The model offers a new tool for exploring individual differences in brain networks, which is critical to classifications of brain disorders and disease, as well as for understanding human behavior and cognitive abilities.
The model highlights different brain structures -- cells, groups of cells or specific regions -- and the ongoing, overlapping series of "conversations" between those structures, which are tracked on a more precise time scale than has been previously afforded by other approaches.
"The model gives us a new perspective on the brain that adds clarity to what we already know about how the brain functions," said Richard Betzel, senior author of a new study in Nature Neuroscience. Betzel is a professor in the IU Bloomington College of Arts and Sciences' Department of Psychological and Brain Sciences. "It highlights new organizational features that we hope to use down the road as diagnostic tools or as biomarkers for certain disorders."
Because the new model vividly depicts individual differences in brain networks -- the idiosyncratic signature or fingerprint that distinguishes one person's brain networks from another -- the researchers believe it could be useful for classifying brain disorders and disease.
Betzel's lab has begun to use the model in classifications of autism spectrum disorder with IU psychological and brain sciences autism researcher Dan Kennedy.
Working with researchers at the Indiana Alzheimer's Disease Research Center at the IU School of Medicine, IU neuroscientist Olaf Sporns has begun to use the model in the context of dementia, memory tasks and executive tasks, to see if they can find a marker for those at risk for Alzheimer's disease.
The model can also help researchers understand how brain networks correlate to certain kinds of behavior or abilities regarding cognitive tasks.
"We've only scratched the surface," said Sporns, Betzel's collaborator on the study. "This is what makes the project so exciting: There's a sense of something new."
'Snippets of conversation in a crowded room'
Using three large pre-existing datasets, the researchers constructed their model by drawing on the theoretical work of IU network scientist Yong Yeol Ahn, an associate professor in the IU Luddy School of Informatics, Computing and Engineering. Instead of modeling the interactions among network "nodes," each of which represents a different brain structure, the researchers built a model of the brain where "edges" -- the connections between the nodes -- were front and center.
By taking this step, "we shifted the focus onto how pairs of brain regions converse and communicate across time," Betzel said.

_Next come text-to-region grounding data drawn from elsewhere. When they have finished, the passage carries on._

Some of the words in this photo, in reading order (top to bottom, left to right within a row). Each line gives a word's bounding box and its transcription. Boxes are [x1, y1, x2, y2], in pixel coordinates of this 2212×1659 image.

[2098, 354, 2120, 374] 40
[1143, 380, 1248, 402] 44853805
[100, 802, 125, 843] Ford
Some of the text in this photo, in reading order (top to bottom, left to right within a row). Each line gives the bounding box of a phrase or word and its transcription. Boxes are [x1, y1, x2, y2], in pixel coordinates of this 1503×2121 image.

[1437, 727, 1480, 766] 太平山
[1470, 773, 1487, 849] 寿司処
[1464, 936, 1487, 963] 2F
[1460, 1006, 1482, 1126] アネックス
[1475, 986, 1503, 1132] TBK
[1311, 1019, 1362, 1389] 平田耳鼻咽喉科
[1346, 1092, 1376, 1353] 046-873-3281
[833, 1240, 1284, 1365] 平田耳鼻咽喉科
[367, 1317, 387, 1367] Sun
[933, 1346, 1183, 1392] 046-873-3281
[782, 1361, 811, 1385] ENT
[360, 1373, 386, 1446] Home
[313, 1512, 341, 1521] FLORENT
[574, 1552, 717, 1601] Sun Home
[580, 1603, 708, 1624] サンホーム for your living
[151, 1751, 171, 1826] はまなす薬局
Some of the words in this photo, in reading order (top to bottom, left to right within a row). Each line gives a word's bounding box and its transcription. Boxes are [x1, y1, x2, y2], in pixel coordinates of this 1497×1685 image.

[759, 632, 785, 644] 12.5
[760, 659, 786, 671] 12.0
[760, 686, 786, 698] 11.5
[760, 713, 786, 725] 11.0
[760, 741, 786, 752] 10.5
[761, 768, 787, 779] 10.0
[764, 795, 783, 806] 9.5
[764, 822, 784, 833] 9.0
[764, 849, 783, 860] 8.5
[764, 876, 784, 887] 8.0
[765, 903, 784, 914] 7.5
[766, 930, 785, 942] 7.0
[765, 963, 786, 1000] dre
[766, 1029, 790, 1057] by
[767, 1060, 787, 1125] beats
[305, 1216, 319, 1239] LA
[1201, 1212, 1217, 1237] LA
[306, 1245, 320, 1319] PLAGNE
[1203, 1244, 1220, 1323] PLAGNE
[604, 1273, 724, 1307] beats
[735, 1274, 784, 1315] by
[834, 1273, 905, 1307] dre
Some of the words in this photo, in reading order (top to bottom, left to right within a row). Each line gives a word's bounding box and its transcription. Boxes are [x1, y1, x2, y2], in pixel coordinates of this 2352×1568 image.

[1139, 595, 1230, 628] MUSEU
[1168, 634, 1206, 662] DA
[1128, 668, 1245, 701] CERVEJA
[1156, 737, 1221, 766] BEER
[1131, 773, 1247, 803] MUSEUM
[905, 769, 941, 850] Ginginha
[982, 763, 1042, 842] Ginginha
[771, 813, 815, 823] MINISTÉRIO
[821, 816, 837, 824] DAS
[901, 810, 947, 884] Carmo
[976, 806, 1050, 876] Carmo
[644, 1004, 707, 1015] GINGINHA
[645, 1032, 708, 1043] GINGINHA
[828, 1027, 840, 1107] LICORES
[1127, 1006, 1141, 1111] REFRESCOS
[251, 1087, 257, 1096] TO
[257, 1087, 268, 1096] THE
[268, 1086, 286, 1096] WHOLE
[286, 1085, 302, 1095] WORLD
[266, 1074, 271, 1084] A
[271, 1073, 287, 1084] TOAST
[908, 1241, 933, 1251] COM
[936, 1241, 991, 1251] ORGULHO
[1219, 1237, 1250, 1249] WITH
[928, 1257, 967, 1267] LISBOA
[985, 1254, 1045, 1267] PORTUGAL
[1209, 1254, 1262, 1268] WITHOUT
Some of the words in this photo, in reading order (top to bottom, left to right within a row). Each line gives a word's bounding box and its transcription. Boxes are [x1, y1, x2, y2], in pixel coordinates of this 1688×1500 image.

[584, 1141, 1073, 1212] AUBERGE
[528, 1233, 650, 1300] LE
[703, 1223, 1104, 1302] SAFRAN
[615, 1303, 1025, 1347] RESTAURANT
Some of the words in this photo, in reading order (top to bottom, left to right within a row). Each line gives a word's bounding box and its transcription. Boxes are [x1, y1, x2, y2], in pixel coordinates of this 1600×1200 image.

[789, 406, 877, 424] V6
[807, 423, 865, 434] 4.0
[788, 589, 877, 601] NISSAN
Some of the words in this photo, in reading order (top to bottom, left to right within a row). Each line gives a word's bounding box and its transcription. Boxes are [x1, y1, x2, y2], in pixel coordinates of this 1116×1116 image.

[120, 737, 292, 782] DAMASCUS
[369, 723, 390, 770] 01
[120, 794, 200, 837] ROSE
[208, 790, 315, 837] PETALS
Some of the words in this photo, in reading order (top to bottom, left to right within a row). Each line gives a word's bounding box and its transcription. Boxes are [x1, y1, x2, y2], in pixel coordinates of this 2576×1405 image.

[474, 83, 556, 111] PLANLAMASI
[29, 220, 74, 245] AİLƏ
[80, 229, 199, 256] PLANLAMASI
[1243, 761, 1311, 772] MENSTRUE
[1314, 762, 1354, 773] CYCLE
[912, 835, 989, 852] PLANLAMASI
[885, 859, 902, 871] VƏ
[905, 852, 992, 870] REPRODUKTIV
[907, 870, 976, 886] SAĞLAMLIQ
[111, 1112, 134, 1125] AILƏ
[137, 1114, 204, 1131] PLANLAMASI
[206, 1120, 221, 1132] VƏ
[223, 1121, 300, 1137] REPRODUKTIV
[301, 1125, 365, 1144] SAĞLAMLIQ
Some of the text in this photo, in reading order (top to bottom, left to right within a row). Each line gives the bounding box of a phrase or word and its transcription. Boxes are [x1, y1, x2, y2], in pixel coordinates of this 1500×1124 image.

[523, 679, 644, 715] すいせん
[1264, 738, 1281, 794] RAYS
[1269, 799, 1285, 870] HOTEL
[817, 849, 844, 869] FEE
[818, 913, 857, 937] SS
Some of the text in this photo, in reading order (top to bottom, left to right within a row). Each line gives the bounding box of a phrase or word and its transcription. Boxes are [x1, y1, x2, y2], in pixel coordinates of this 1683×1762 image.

Instead of saying that activations in two parts of the brain are correlated, we get a signal of the conversation itself. Our networks are telling us about co-activity, the conversations, which nobody has done before."
Richard Betzel, Study Senior Author and Professor, Department of Psychological and Brain Sciences, Bloomington College of Arts and Sciences, Indiana University
Continuing the analogy, Sporns, "One way we think about these edge communities is as patterns of how brain regions talk to each other, as snippets of conversation in a crowded room."
The shift from nodes to edges adds layers of complexity not present in the old model. The new edge-centric approach used a total of 200 nodes, or 200 brain structures, with 19,900 connections between them and looks at the links between these connections. The links between those 19,990 connections is well over 150 million.
"While it's more complicated to keep track of so many numbers, and requires more powerful computers, looking at the data through this new lens uncovers a lot of connections we couldn't previously see," said Joshua Faskowitz, a collaborator and graduate student in Sporns' lab. "It uncovers relationships that the traditional node-centric approach wouldn't have been sensitive to before."
As Betzel put it, "We have a different lens through which to look at the brain."
A key advantage to the model is the view it provides of "pervasive overlap," the extent to which each brain structure participates in multiple ongoing conversations. The new model represents the multifunctionality of brain regions, with every part of the brain participating in several functions.
"We're arguing that this pervasive overlap may be a fundamental feature of the brain," Betzel said. "We're painting a picture of the brain where there's a lot more interaction than we had seen before."
Faskowitz, J., et al. (2020) Edge-centric functional network representations of human cerebral cortex reveal overlapping system-level architecture. Nature Neuroscience. doi.org/10.1038/s41593-020-00719-y.